Stored dataset items
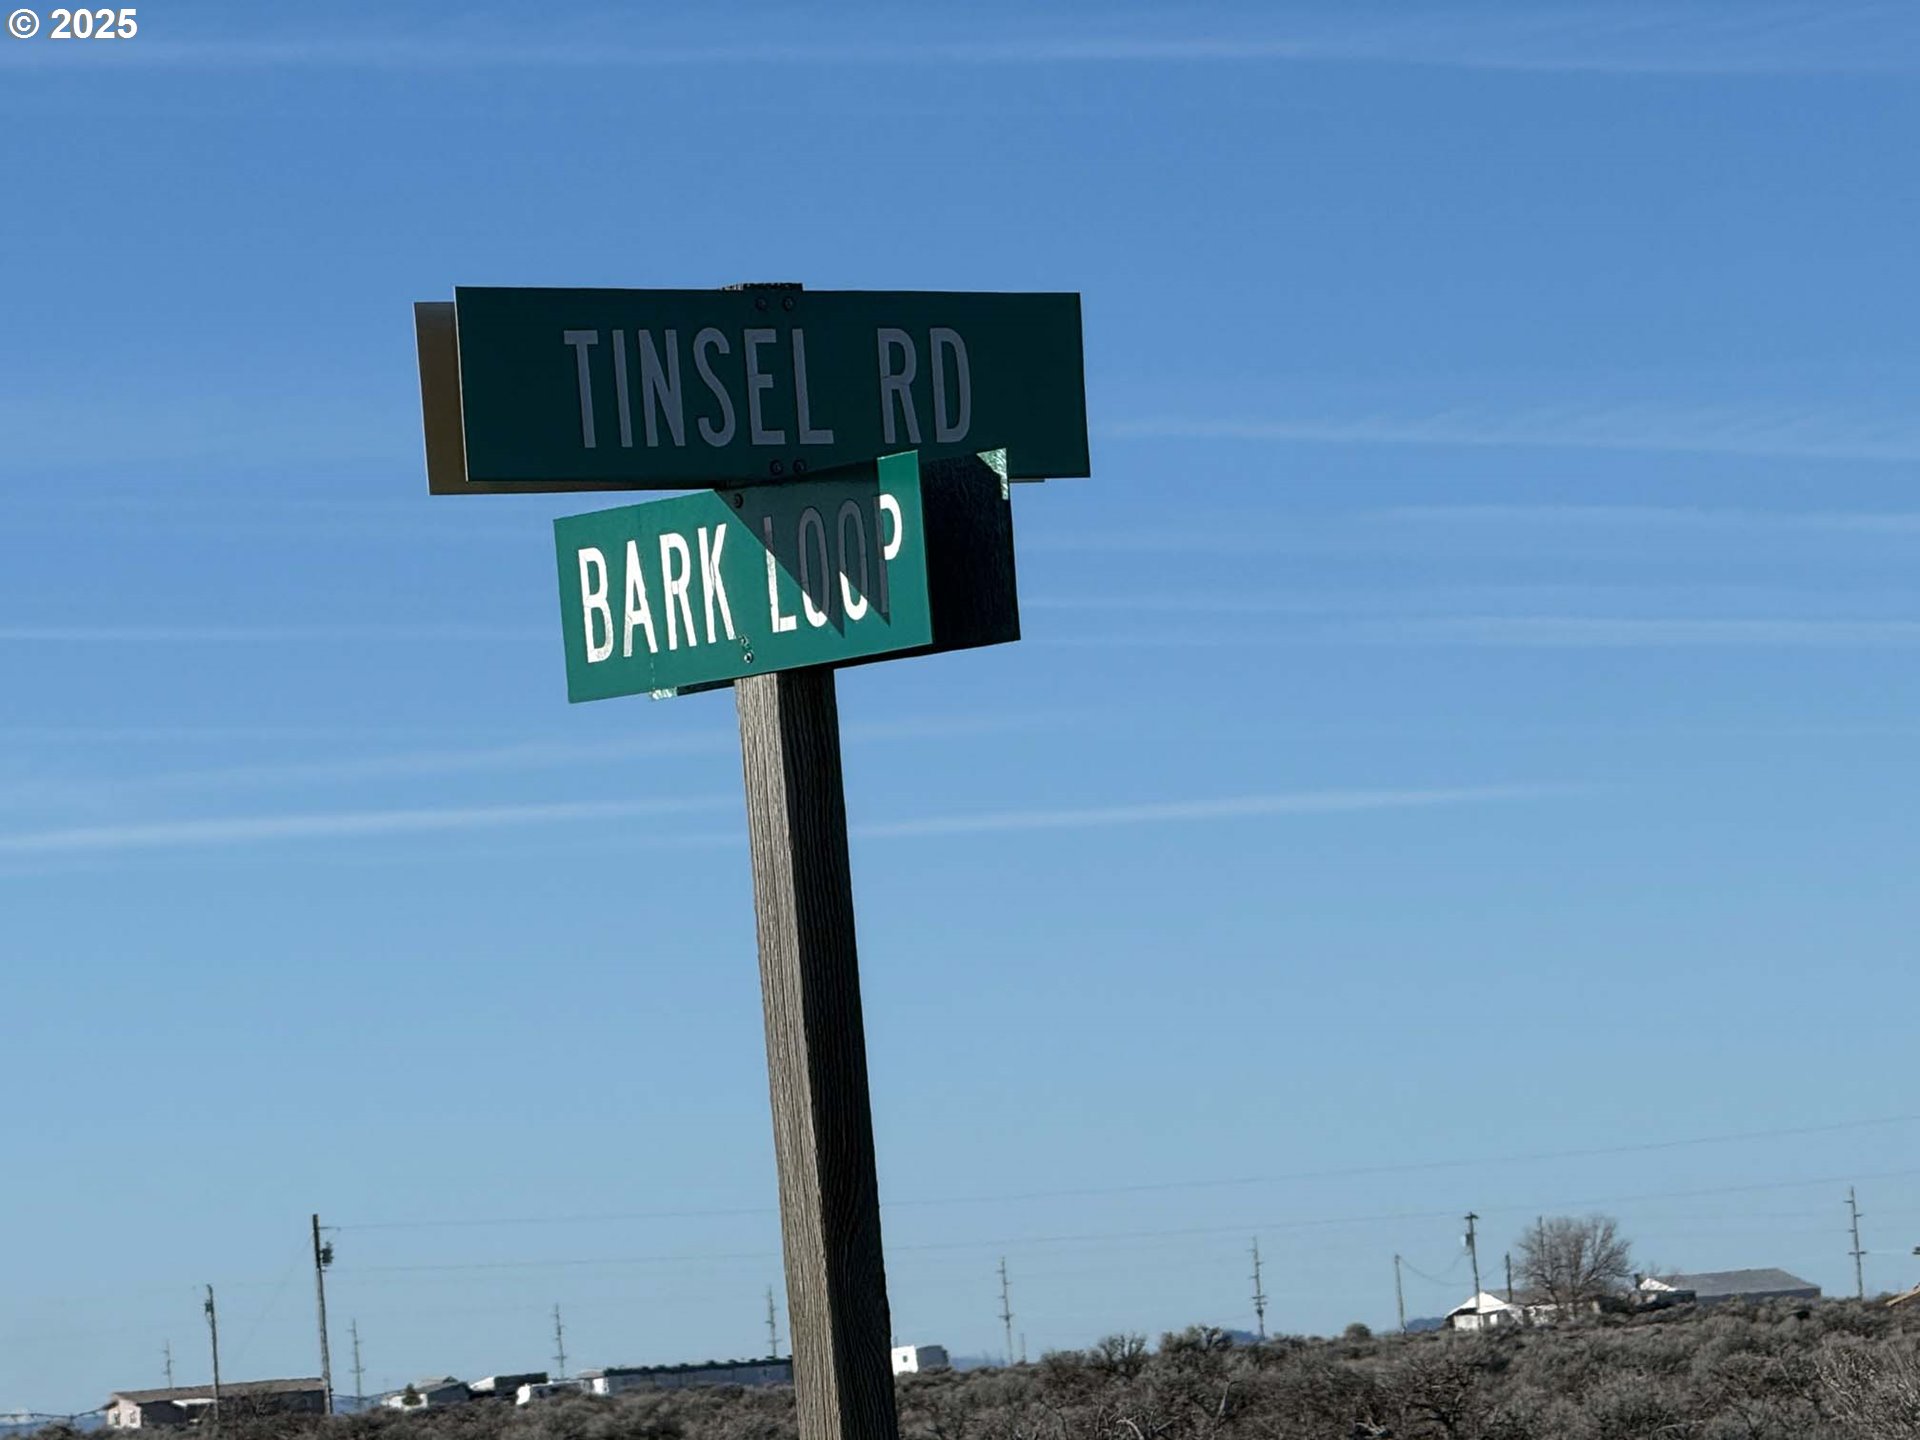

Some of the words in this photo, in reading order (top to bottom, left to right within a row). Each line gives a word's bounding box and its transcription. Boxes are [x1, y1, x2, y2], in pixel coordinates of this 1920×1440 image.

[563, 327, 834, 448] TINSEL
[877, 327, 972, 444] RD
[577, 523, 736, 663] BARK
[763, 493, 903, 632] LOOP

■ **What you need to do**
The task calls for all records to be set down precisely, excluding any images.

■ **Task solution**
Some of the words in this photo, in reading order (top to bottom, left to right within a row). Each line gives a word's bounding box and its transcription. Boxes are [x1, y1, x2, y2], in pixel coordinates of this 1920×1440 image.

[563, 327, 834, 448] TINSEL
[877, 327, 972, 444] RD
[577, 523, 736, 663] BARK
[763, 493, 903, 632] LOOP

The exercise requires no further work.